S.C. cadet brawl mirrors one that happened at Fort Gordon
FORT JACKSON, S.C. - In a situation similar to what happened at Fort Gordon in October, 15 people were sent to hospitals after a brawl between cadets in a youth program.
Around 5 p.m. Tuesday, a fight broke out as a personal issue and escalated into wider violence between participants in the Job ChalleNGe at the South Carolina Army National Guard’s McCrady Training Center.
While staff responded to the fight, a second scuffle broke out among cadets in the Youth ChalleNGe program.
It’s a lot like what happened Oct. 13, when a brawl shut down the Georgia National Guard’s Youth ChalleNGe Academy at Fort Gordon.
While organizers initially blamed the youths for the brawl, they later admitted that in a rush to meet a new enrollment quota, officials didn’t properly screen recruits for behavioral and mental health problems. Then the small staff failed to control uncooperative and violent youths, an investigation found.
In the South Carolina incident, the National Guard said both fights were contained within an hour, and one staff member and 14 cadets were taken to area hospitals for treatment, then released.
Eight of the cadets are from the Job ChalleNGe program, from ages 16-18, while six are from the Youth ChalleNGe program, their ages range from 15 to 18.

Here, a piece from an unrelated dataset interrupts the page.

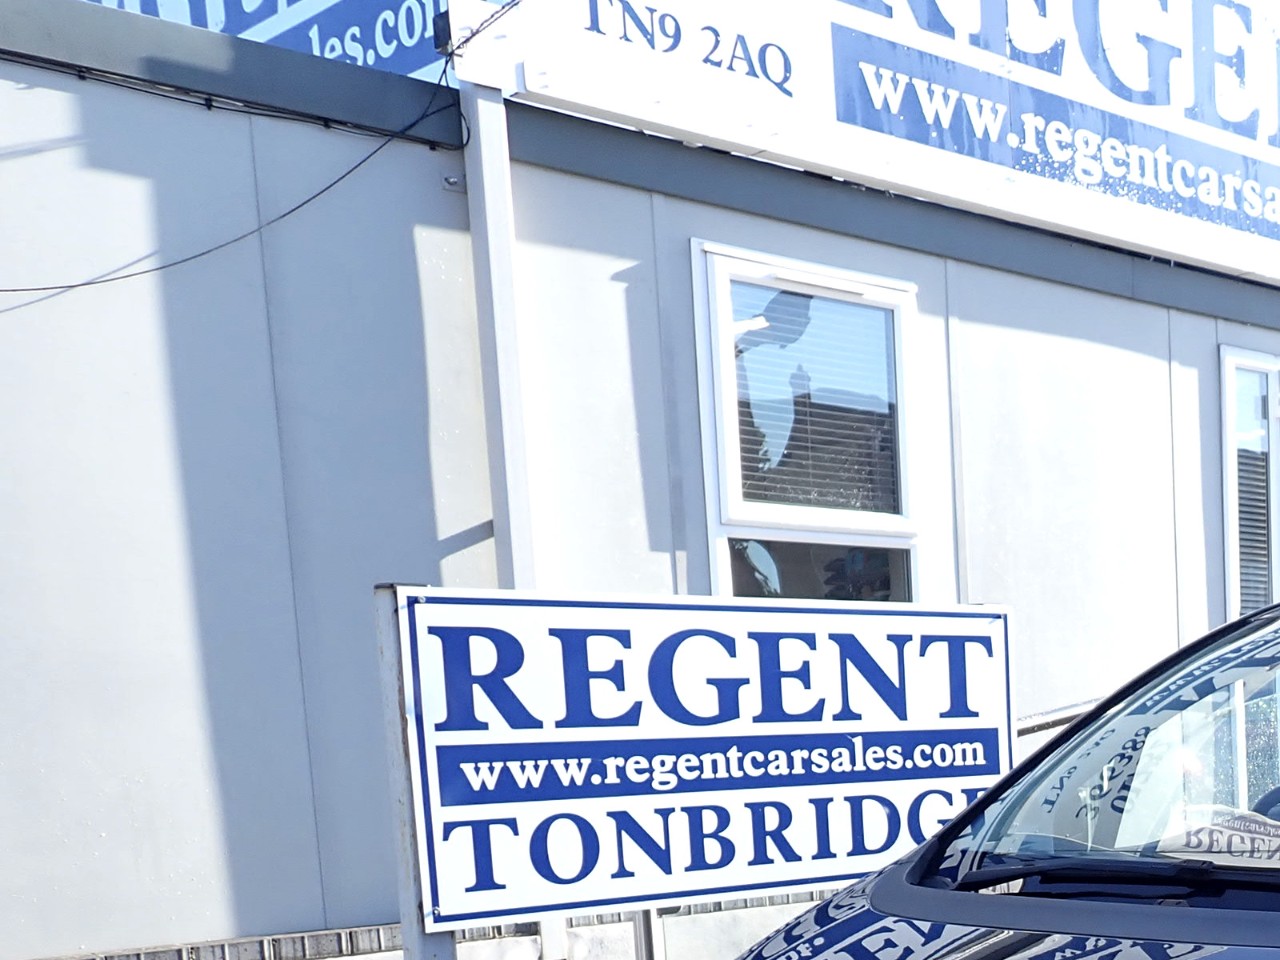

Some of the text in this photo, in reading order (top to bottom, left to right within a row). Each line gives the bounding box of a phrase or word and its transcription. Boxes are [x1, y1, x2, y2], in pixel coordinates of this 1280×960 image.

No weapons were found during the fight.
Multiple parents and cadets have to withdraw from the program following the incident.
Organizers shared that the regimented Youth ChalleNGe program is in the acclimation phase which helps cadets change past behaviors and develop life skills, teamwork, anger management, and drug avoidance strategies. The academy is not a youth detention facility but a voluntary program, a Georgia National Guard spokeswoman said.
Staff are conducting a standdown to investigate the handling of the events and to prevent future incidents.